Caps, here is a pretty good analogy that I saw on another website to help understand impedance matching. I can't remember where I saw it, otherwise I would just link to it. But let me try to paraphrase. I invite the more learned members to step in if I mess anything up :wink:

- A car battery and a car headlight are both low impedance devices.
- A AAA-battery and a flashlight bulb are both high impedance devices.
- Connecting the car battery to the car lamp gives the most amount of light that the the system can deliver. This is an efficient transfer of power, but the battery is loaded by the big lamp.
- Connecting the AAA battery to the flashlight bulb is similar to the above system in terms of efficiency and loading, but less power is delivered.
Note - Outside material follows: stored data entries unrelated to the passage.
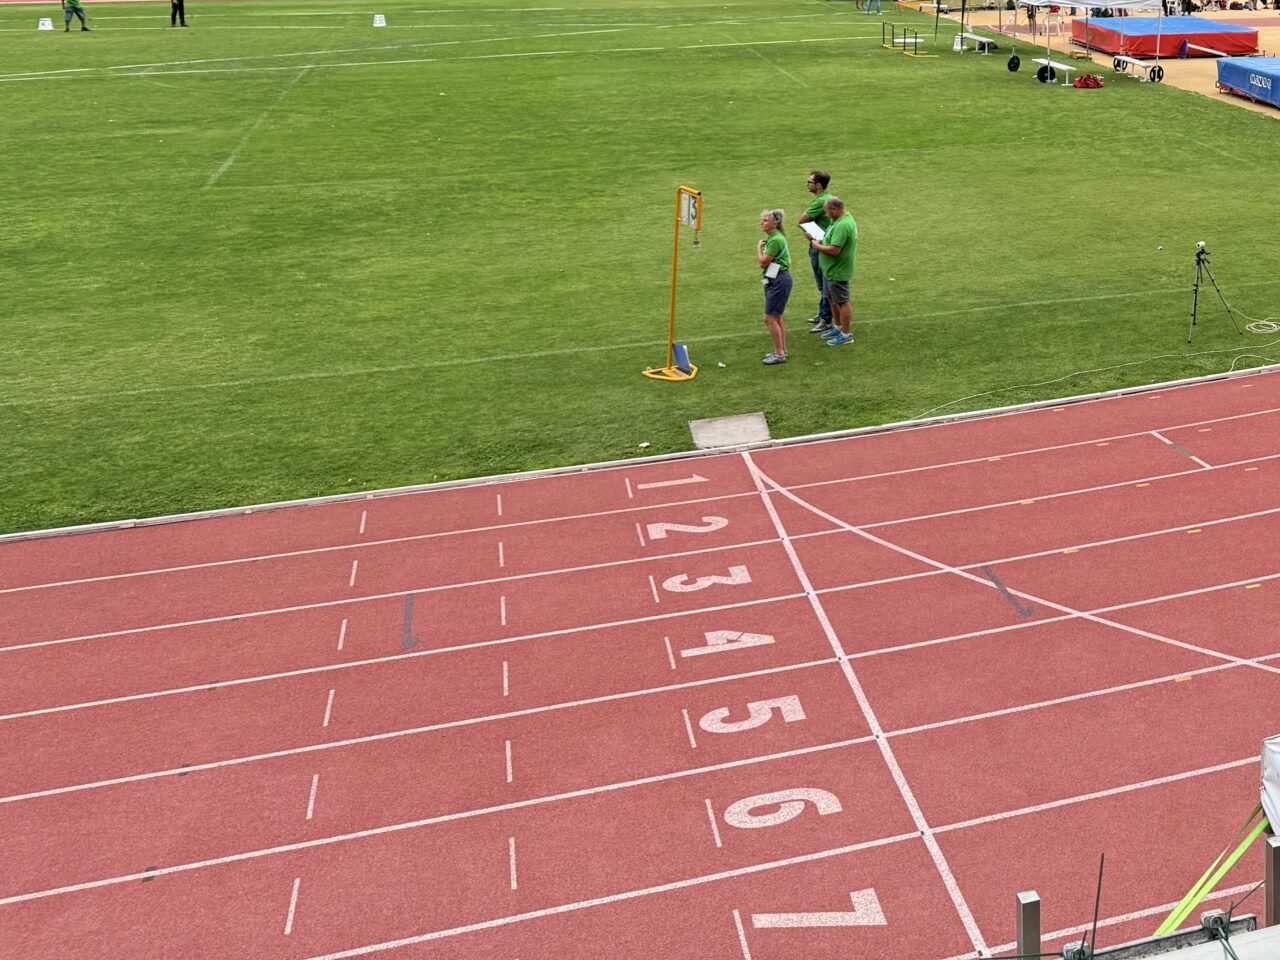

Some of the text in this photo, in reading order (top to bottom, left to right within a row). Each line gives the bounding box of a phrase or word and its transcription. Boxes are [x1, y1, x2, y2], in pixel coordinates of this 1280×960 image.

[637, 473, 711, 490] 1
[646, 515, 729, 540] 2
[662, 564, 753, 593] 3
[680, 629, 776, 658] 4
[698, 694, 807, 734] 5
[723, 787, 844, 829] 6
[751, 887, 888, 929] 7
Still, the power efficiency is maximized.
- Connecting the AAA battery to the car lamp doesn't work. The AAA battery is loaded down immensely by the lamp, struggles, farts, and dies.

And finnally, the analogy that represents how modern bridging impedance matching works....

- Connecting the car battery to the AAA flashlight works fine, but does not give the maximum power transfer that the souce is capable of. What we do get though, is a condition where the source is negligibly loaded by the lamp. In other words, the battery barely knows that the lamp is there and is capable of just being itself, without the load affecting it. It is a way of isolating the source from the load so that the source can act more independantly, regardless of changing load conditions. This way we can have sources and loads that were not specifically designed to interact together.

I think I got that right.

-Chris

 

[PRR]

> To maximise voltage transfer.., input Z should be much higher than the output impedance of the source feeding it. And I think for efficient power transfer Z's should be matched. Ok, this isnt enough for me. I want to know why

Simple extension of Ohm's Law. The source and load form a resistive divider. What happens for various ratios of source and load resistance?

Take the regulator off your car alternator, and spin the engine 6,000RPM. You will get about 100V no-load. If you short it, you will get about 100Amps. We can assume the alternator can be represented by a 100V source in series with a 1 ohm resistor.

This could be handy if you are out in the woods with your car, a voltmeter, an ammeter, and an electric heater that can be re-wired to any resistance.

What is the load that will show the highest reading on the voltmeter?

What is the load that will show the highest reading on the ammeter?

What is the load that will give the most heat in the electric heater?

To visualize it better, here's a picture of six identical sources with six different loads:

Important extra point: what is the power dissipated in the alternator for each load condition? What load gives the least heat in the alternator? the most heat in the alternator? This is not a factor in microphone loading but matters in line driving and becomes critical in speaker driving.

 

[Svart]

it helps to think in terms of current sourcing and current sinking. A device produces XXX amount of current (and also voltage so Ohm says) but is being met by resistence/impedence. Simply, it takes more current to drive more of a load. so a high current output( low impedence) device will drive a device that does not need high amounts of current(high impedence) much easier than one that sinks a larger amount of current.

so:

high current sources will drive devices that sink little current easily

low current sources won't drive devices that sink high current easily

high current sources will drive devices that sink high current


so really you are just looking at another side of the same law.. Ohm's law.